Mount Pleasant Drive
Sur PC et Mac (Niall Moody, prix libre)
Cette fois, pas de doute : c’est un bad trip. En tout cas, Mount Pleasant Drive ne met pas spécialement à l’aise avec ses photos de Glasgow, la ville de Niall Moody, qui se superposent, se déforment et se brouillent devant nos yeux sur une bande son crissante. Il y a des panneaux indicateurs brouillés, un mouton dans le ciel… Et puis, peu à peu, tout cela nous berce, nous possède alors même que la part réelle d’interaction demeure incertaine. Pas si déplaisant, donc, finalement.
A Stranger Comes Calling
Sur PC et Mac (Oh, a Rock ! Studios, 1,46 $ ou plus)

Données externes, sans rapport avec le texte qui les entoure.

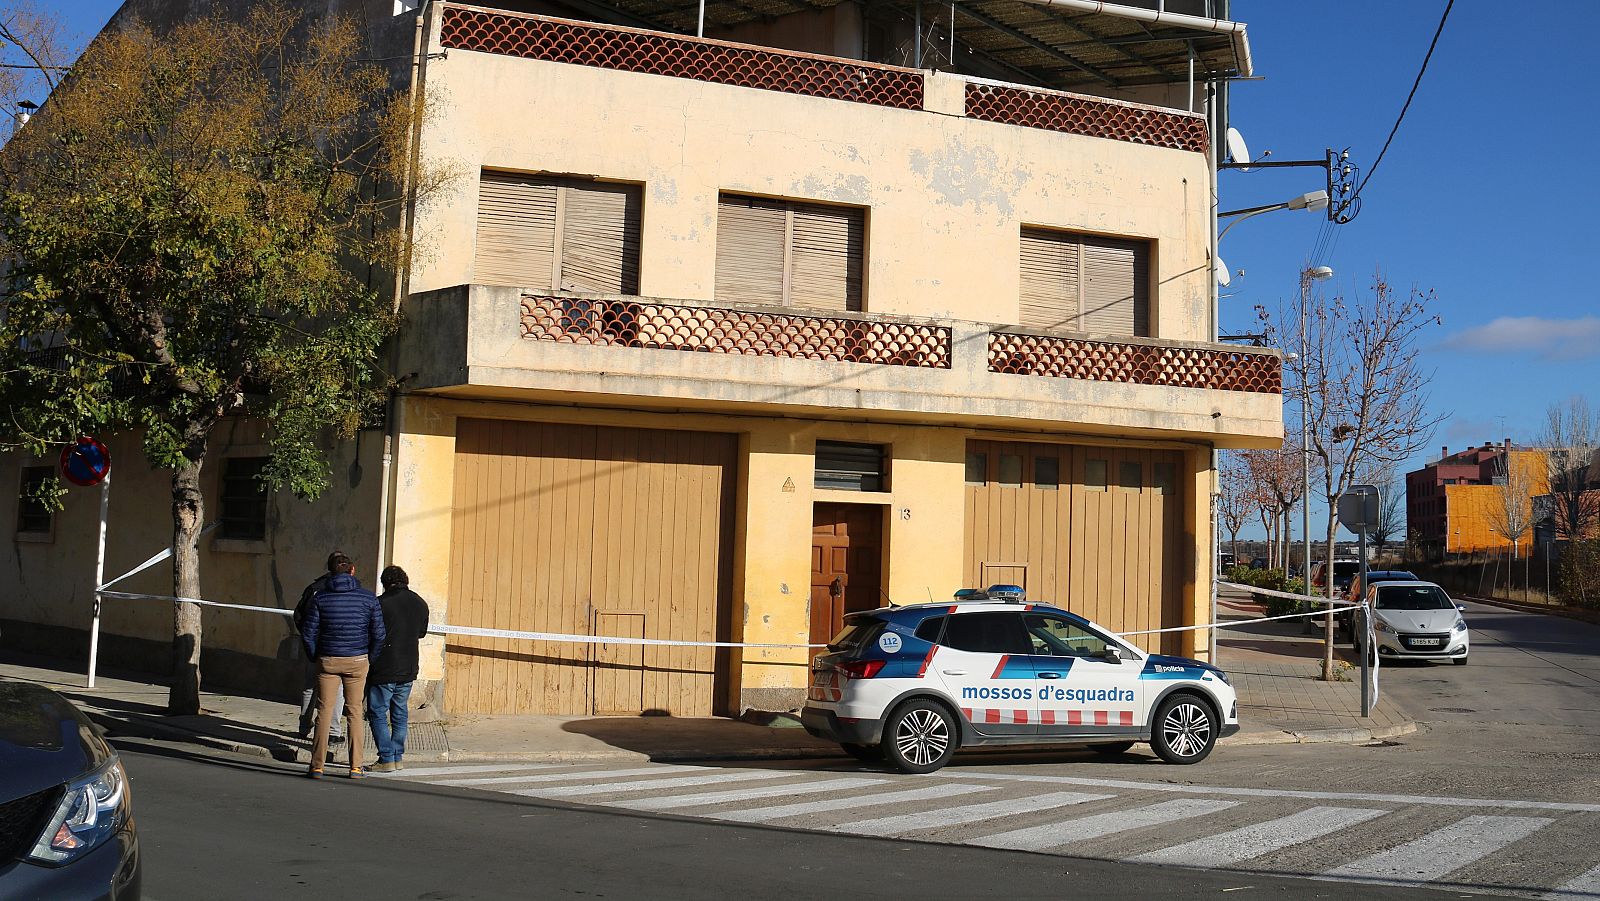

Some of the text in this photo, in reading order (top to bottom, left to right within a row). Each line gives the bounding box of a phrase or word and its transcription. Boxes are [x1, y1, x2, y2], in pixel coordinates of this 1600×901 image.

[899, 508, 911, 520] 13
[883, 637, 898, 645] 112
[962, 685, 1134, 703] mossos d'esquadra

Les mauvais trips, le « héros » d’A Stranger Comes Calling du barbu californien Paul Franzen, connaît. Sa grande angoisse à lui, c’est d’aller ouvrir la porte quand quelqu’un (un inconnu, forcément dangereux) vient sonner. Ce jeu d’aventure (de micro-aventure névrotico-domestique, disons) en full motion video nous fait partager sa terrible anxiété qu’un compteur indique à l’écran et que le but est de faire décroître (en regardant longuement ses lapins ou sa tortue de compagnie, par exemple). Le résultat est à la fois drôle, piquant et somptueusement intelligent – si si, vraiment.
Reverie
Sur PC et Mac (Metkis, prix libre)
Quelqu’un vous raconte qu’il a rencontré des extra-terrestres lors de vacances avec ses parents, qu’il s’étonne de ne pas voir son ami imaginaire à côté de lui quand il se regarde dans le miroir ou qu’il est victime d’une attaque au fusil à pompe au cours d’un vide-grenier. Ça surprend un peu, mais, tout cela, ce sont des fragments de rêves que Reverie, conçu cet été par l’Américain James Hostetler pour un concours de jeux indés, vous invite à découvrir en naviguant à travers un réseau de points de couleur lumineux. Le fond sonore mêle musique et chuchotements. L’ensemble, qui ne ressemble à rien de connu, est fascinant.
Mystery Tapes
Sur PC et Mac (Strangethink, prix libre)
Créateur très indépendant de jeux étranges et de mondes virtuels, le Britannique Strangethink est l’un des game designers les plus passionnants de la sphère indé. Après avoir disparu quelques mois (et retiré du Net ses créations passées, snif), il vient de réapparaître avec l’envoûtante installation interactive Mystery Tapes, peut-être son jeu le plus abouti à ce jour. Devant nos yeux : une pile de (640) cassettes vidéo aux titres générés aléatoirement et néanmoins fort évocateurs (« Work Cushion », « Nose Theory », « Festive Sniff »…) et trois téléviseurs avec magnétoscope intégré dans lesquels on n’hésitera pas à insérer celles de notre choix. Alors, le ciel, le décor, le monde autour de nous change. C’est beau. C’est perturbant. C’est très beau. Soudain, on aperçoit une sphère lumineuse. On s’approche. Une silhouette apparaît, quelqu’un nous parle. On ne comprend rien, ou alors tout. On est bien. Et vous ?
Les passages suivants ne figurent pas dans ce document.